My quick answer is wet rails are easier than "corky" rails

Width seems easier to me, especially with wet rails.

I have a lot of boards
All different configurations

My summer weight hovered around 236 lbs  - 107 kg

My 9'4 Creek is 32" wide and 148 liters, but thinly foiled, so the rails are still wet.
Very stable.

My 9'1 Acid is only 30.5" wide and 125 liters, so my feet are constantly wet.... but still reasonably stable in clean conditions.


I do a lot of video stability testing, for my own knowledge, so I will understand as much as possible about what works and what doesn't.

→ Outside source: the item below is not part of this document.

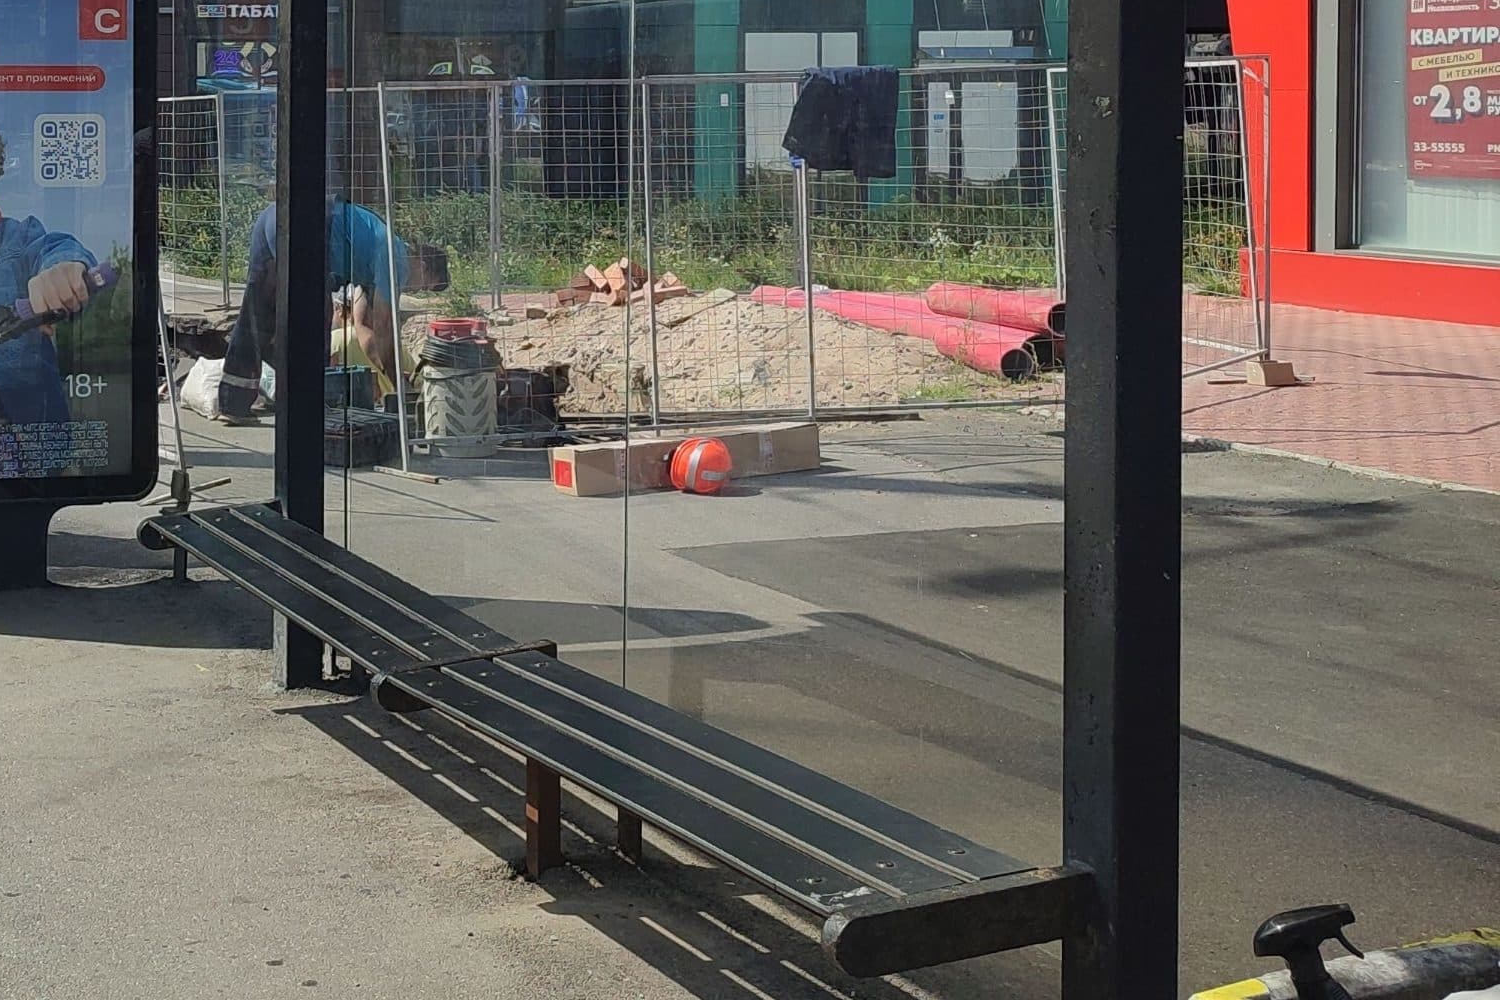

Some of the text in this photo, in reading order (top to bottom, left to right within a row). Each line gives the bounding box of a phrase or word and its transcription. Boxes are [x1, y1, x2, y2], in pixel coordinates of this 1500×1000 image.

One consistent thing on low volume boards is foot placement.
My vids show me that I am always in a similar stance.
"Modified surf stance" with feet fairly close together (side to side)
One foot slightly forward of the handle, one foot slightly behind the handle.

Having a foot too far in any direction ends up with over correcting.
On thin nosed boards, I need to have fore and aft control, but if I get too "front footed", the nose just sinks and I fall over.

Close to center = subtle corrections and much less serious wobble


IMO
the real "width vs volume" test will come soon
Today I am at 217 lbs (98.5 kg)

When I get to 213 lbs, my weight to volume on my 9'1 Creek will be exactly the same as it was on my 9'4 Creek all summer.
My 9'4 x 32 Creek has always been easy in winter, in full wetsuit gear
My 9'1 x 31 Creek is ok in baggies, but more difficult in chop.

Soon, I will be able to throw on a wetsuit and be the same w/v ratio on my 9'1, as I was on my 9'4
Then I will know if it's all about volume, or all about width (1" thinner)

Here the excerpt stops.